Systemic sclerosis (SSc) is characterized by tissue fibrosis and autoimmunity. Although the pathogenic relationship between autoimmunity and clinical manifestations of SSc remains unknown, SSc patients display abnormal immune responses including the production of disease-specific autoantibodies. Previous studies have demonstrated that B cells play a critical role in systemic autoimmunity and disease expression through various functions such as induction of the activation of other immune cells in addition to autoantibody production. CD19 is a crucial regulator of B cell activation. Recent studies demonstrated that B cells from SSc patients showed an up-regulated CD19 signaling pathway that induced SSc-specific autoantibody production in SSc mouse models. CD19 transgenic mice lost tolerance for autoantigen and generated autoantibodies spontaneously. B cells from SSc patients exhibited an overexpression of CD19 that induced SSc-specific autoantibody production in transgenic mice. Moreover, SSc patients displayed intrinsic B cell abnormalities characterized by chronic hyper-reactivity of memory B cells, which was possibly due to CD19 overexpression. Similarly, B cells from a tight-skin mouse, a genetic model of SSc, showed augmented CD19 signaling. In bleomycin-induced SSc mouse models, endogenous ligands for toll-like receptor 4 induced by bleomycin stimulated B cells to produce various fibrogenic cytokines and autoantibodies. Remarkably, the loss of CD19 resulted in the inhibition of B cell hyper-reactivity and autoantibody production, which are associated with improvements in fibrosis and a parallel decrease in fibrogenic cytokine production by B cells. Taken together, the findings suggest that altered B cell function may result in tissue fibrosis as well as autoimmunity in SSc.

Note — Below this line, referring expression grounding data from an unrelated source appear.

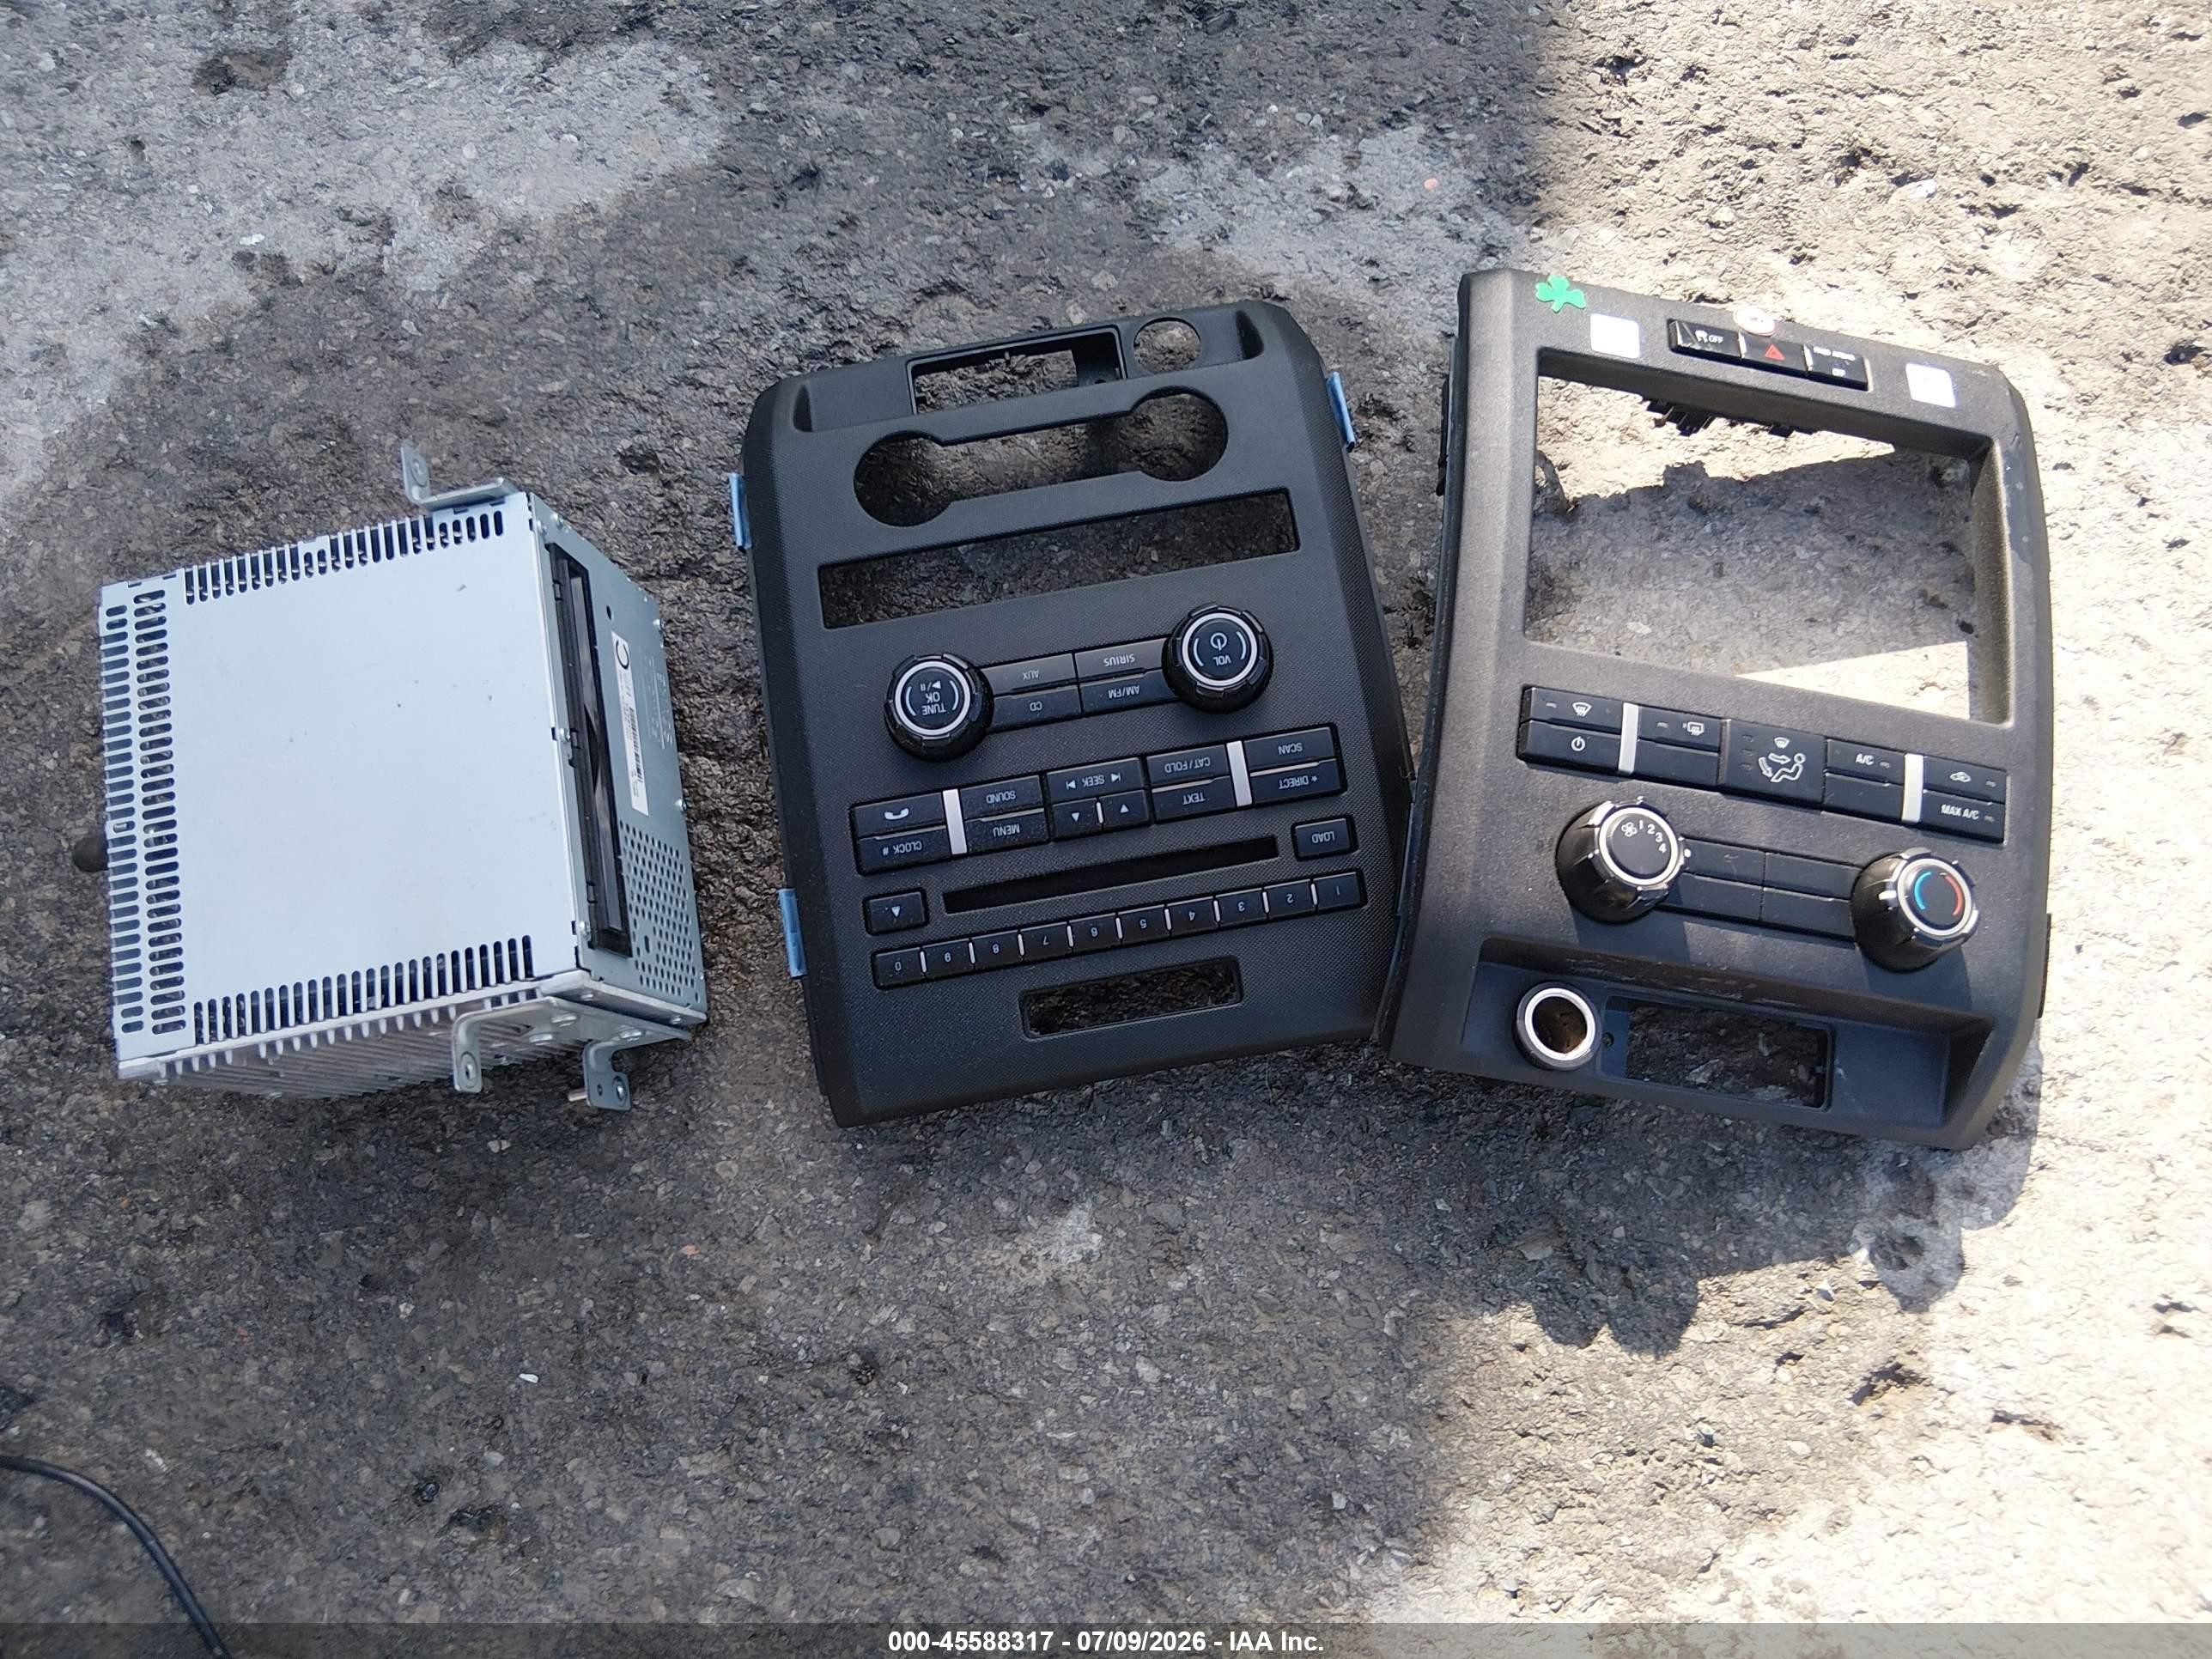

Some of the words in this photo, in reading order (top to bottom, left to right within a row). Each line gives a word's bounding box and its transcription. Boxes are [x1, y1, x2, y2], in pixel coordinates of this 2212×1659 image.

[1103, 653, 1136, 667] SIRIUS
[1212, 654, 1232, 666] VOL
[1023, 669, 1039, 681] AUX
[925, 691, 941, 704] OK
[1108, 684, 1140, 699] AM/FM
[921, 703, 947, 716] TUNE
[1030, 701, 1043, 712] CD
[1278, 742, 1303, 755] SCAN
[1164, 757, 1211, 773] CAT/FOLD
[1855, 753, 1875, 766] A/C
[1082, 775, 1105, 787] SEEK
[1278, 775, 1310, 790] DIRECT
[986, 790, 1017, 804] SOUND
[1182, 792, 1206, 805] TEXT
[1941, 804, 1961, 817] MAX
[1962, 808, 1980, 821] A/C
[993, 823, 1020, 838] MENU
[1639, 819, 1644, 830] 1
[1647, 823, 1656, 835] 2
[1311, 830, 1335, 843] LOAD
[1655, 831, 1663, 842] 3
[882, 847, 889, 856] #
[893, 840, 923, 854] CLOCK
[1658, 842, 1667, 854] 4
[1335, 885, 1340, 896] 1
[1286, 893, 1294, 903] 2
[1237, 901, 1245, 912] 3
[1188, 910, 1195, 921] 4
[1139, 918, 1147, 929] 5
[1091, 927, 1098, 938] 6
[1042, 935, 1049, 945] 7
[993, 944, 1000, 954] 8
[945, 951, 951, 963] 9
[894, 961, 902, 972] 0

Keywords: Autoimmunity; B lymphocyte; Bleomycin-induced systemic sclerosis model mouse; CD19; Systemic sclerosis; Tight-skin mouse.

Fig. 1

B cells play multiple roles in the immune system. B cells regulate immune responses and immune system development. B cells are not only involved in natural, adaptive, and autoantibody production, but also interact with T cells and other antigen presenting cells including macrophages and dendritic cells, produce multiple regulatory cytokines, and are critical for lymphoid tissue development.

Fig. 2

Surface molecules regulate positively or negatively the activation of B cells. On B cells, several molecules have been identified as response regulators. These molecules are categorized as either positive or negative response regulators of B cell function. CD19 and CD21 are positive response regulators that augment B cell antigen receptor (BCR) signaling, while CD22, CD72, and FcγRIIB are negative response regulators that reduce BCR signals. Abnormal regulation of the response regulator function and expression may result in hyper-activation of B cells and autoantibody production.

Fig. 3

A model linking systemic autoimmunity and tissue fibrosis in systemic sclerosis (SSc) patients and bleomycin (BLM)-induced SSc mouse models. BLM induced the production of reactive oxygen species (ROS). SSc patients exhibited enhanced ROS production, which was due to ischemia and reperfusion injury following Raynaud's phenomenon. Consequently, ROS increased the production of hyaluronan fragments, which induced B cell activation through toll-like receptor 4 (TLR4) signaling. Simultaneously, in BLM-induced SSc mouse models, apoptosis was prominently detected in the skin. In addition, apoptosis was detected in the skin of patients with early stage SSc. In the surface blebs of apoptotic cells, autoantigens including topo I were concentrated, which may result in the antigen presentation of the cryptic epitopes. Remarkably, CD19 loss inhibited B cell activation and autoantibody production. We hypothesize that BLM and Raynaud's phenomenon induce fibrosis by enhancing hyaluronan production, which activates B cells to produce fibrogenic cytokines mainly via CD19 and TLR4 signaling and to induce autoantibody production.